* **PROBLEM TO SOLVE**: Copy exactly, and copy only, the lines from the one bearing "Some of the text" through the final line of the records.

[Image-backed grounding data]
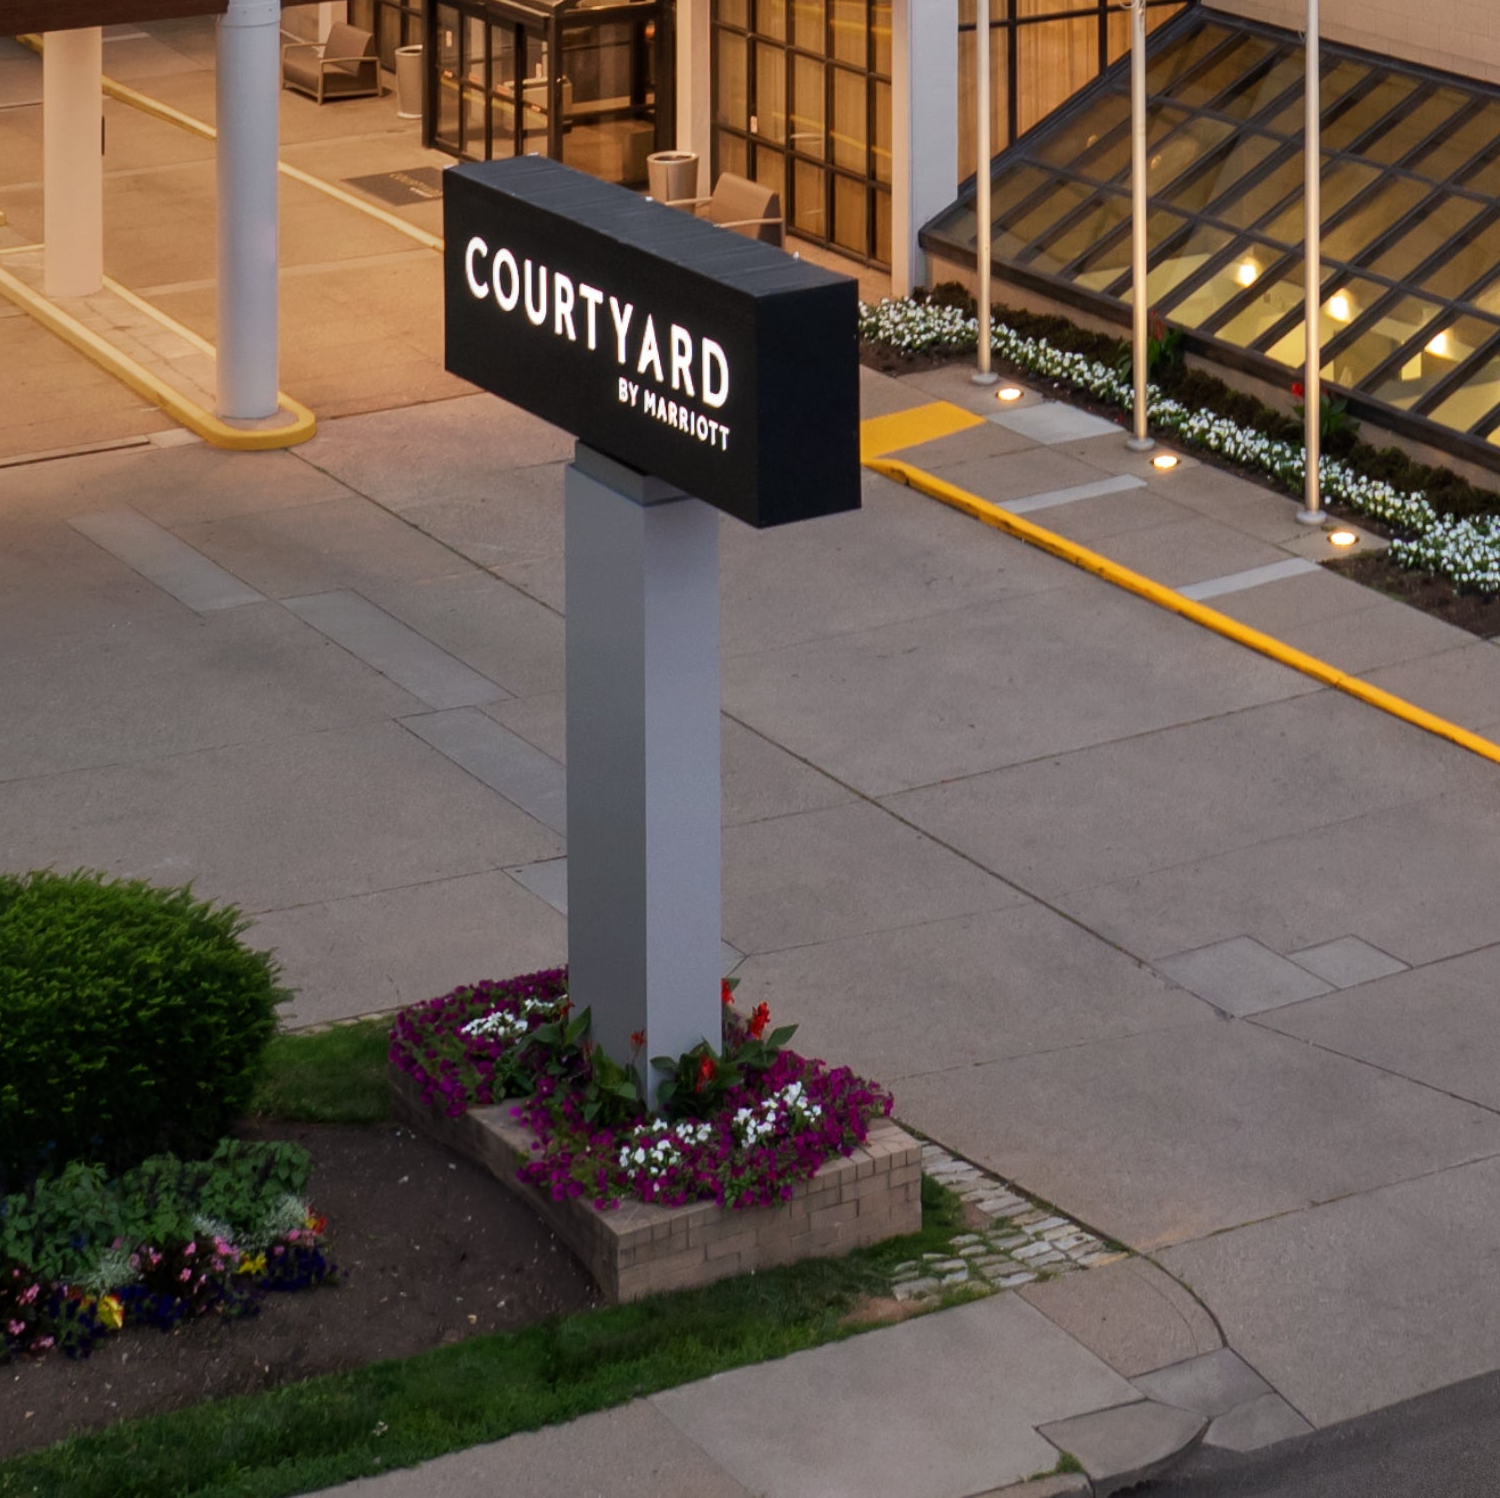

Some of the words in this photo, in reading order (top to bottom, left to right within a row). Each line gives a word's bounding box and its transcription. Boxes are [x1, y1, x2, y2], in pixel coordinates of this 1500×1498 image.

[465, 236, 729, 408] COURTYARD
[618, 376, 639, 407] BY
[643, 389, 730, 451] MARRIOTT
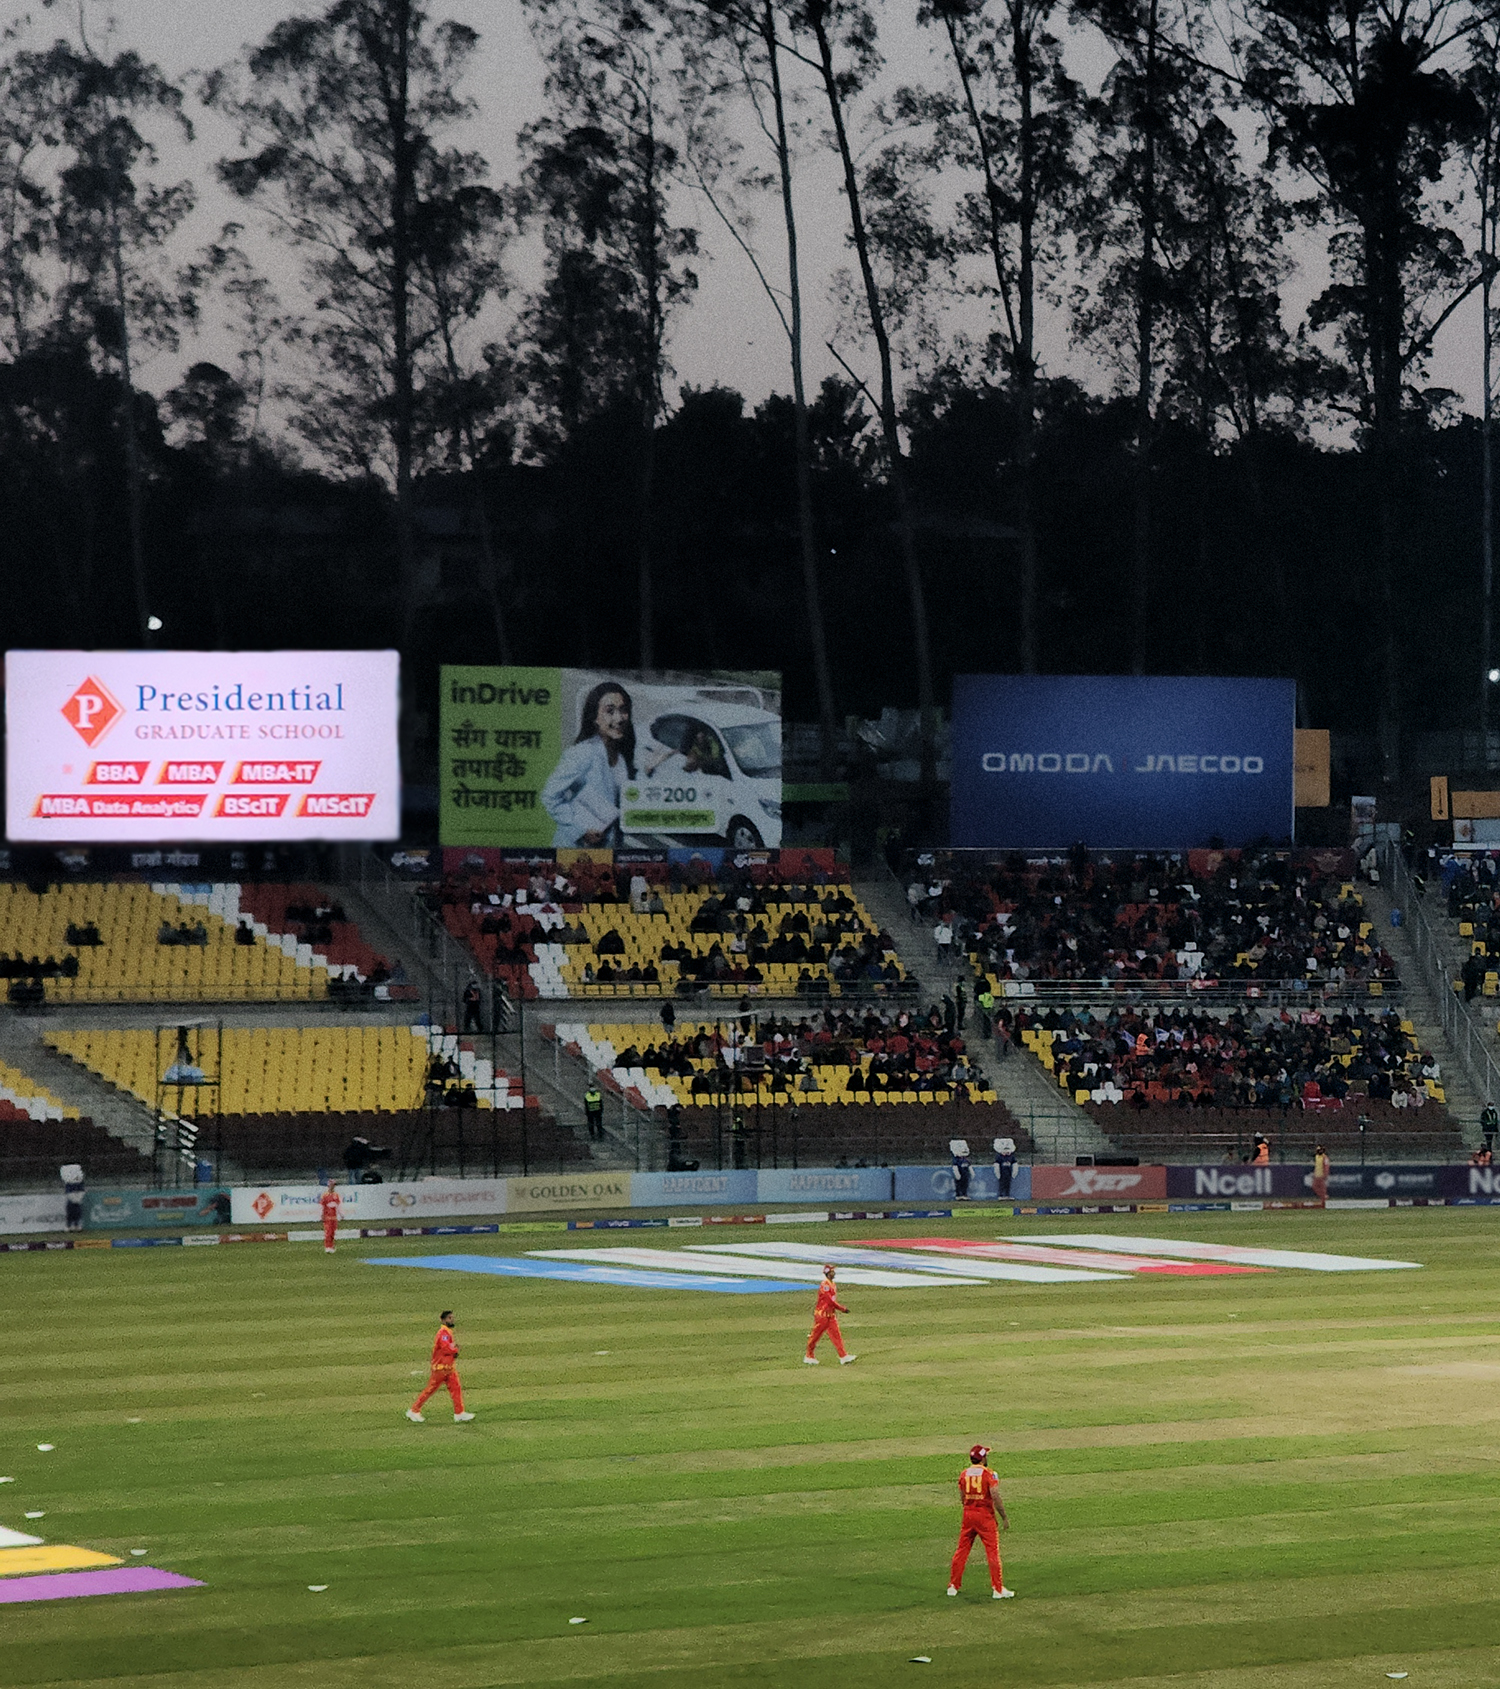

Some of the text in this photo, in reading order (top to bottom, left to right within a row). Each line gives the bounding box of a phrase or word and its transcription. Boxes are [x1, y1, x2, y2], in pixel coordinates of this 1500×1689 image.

[136, 683, 345, 711] Presidential
[451, 680, 550, 706] inDrive
[75, 695, 103, 728] P
[135, 725, 345, 739] GRADUATE SCHOOL
[494, 730, 541, 750] यात्रा
[96, 764, 315, 781] BBA MBA MBA-IT
[982, 752, 1264, 773] OMODA JAECOO
[664, 788, 697, 803] 200
[41, 797, 368, 817] MBA Data Analytics BScIT MScIT
[530, 1183, 622, 1200] GOLDEN OAK
[1195, 1168, 1271, 1196] Ncell
[281, 1192, 359, 1206] Presidial
[964, 1475, 983, 1494] 14

* **RESULT FOR THIS TASK**:
Some of the text in this photo, in reading order (top to bottom, left to right within a row). Each line gives the bounding box of a phrase or word and its transcription. Boxes are [x1, y1, x2, y2], in pixel coordinates of this 1500×1689 image.

[136, 683, 345, 711] Presidential
[451, 680, 550, 706] inDrive
[75, 695, 103, 728] P
[135, 725, 345, 739] GRADUATE SCHOOL
[494, 730, 541, 750] यात्रा
[96, 764, 315, 781] BBA MBA MBA-IT
[982, 752, 1264, 773] OMODA JAECOO
[664, 788, 697, 803] 200
[41, 797, 368, 817] MBA Data Analytics BScIT MScIT
[530, 1183, 622, 1200] GOLDEN OAK
[1195, 1168, 1271, 1196] Ncell
[281, 1192, 359, 1206] Presidial
[964, 1475, 983, 1494] 14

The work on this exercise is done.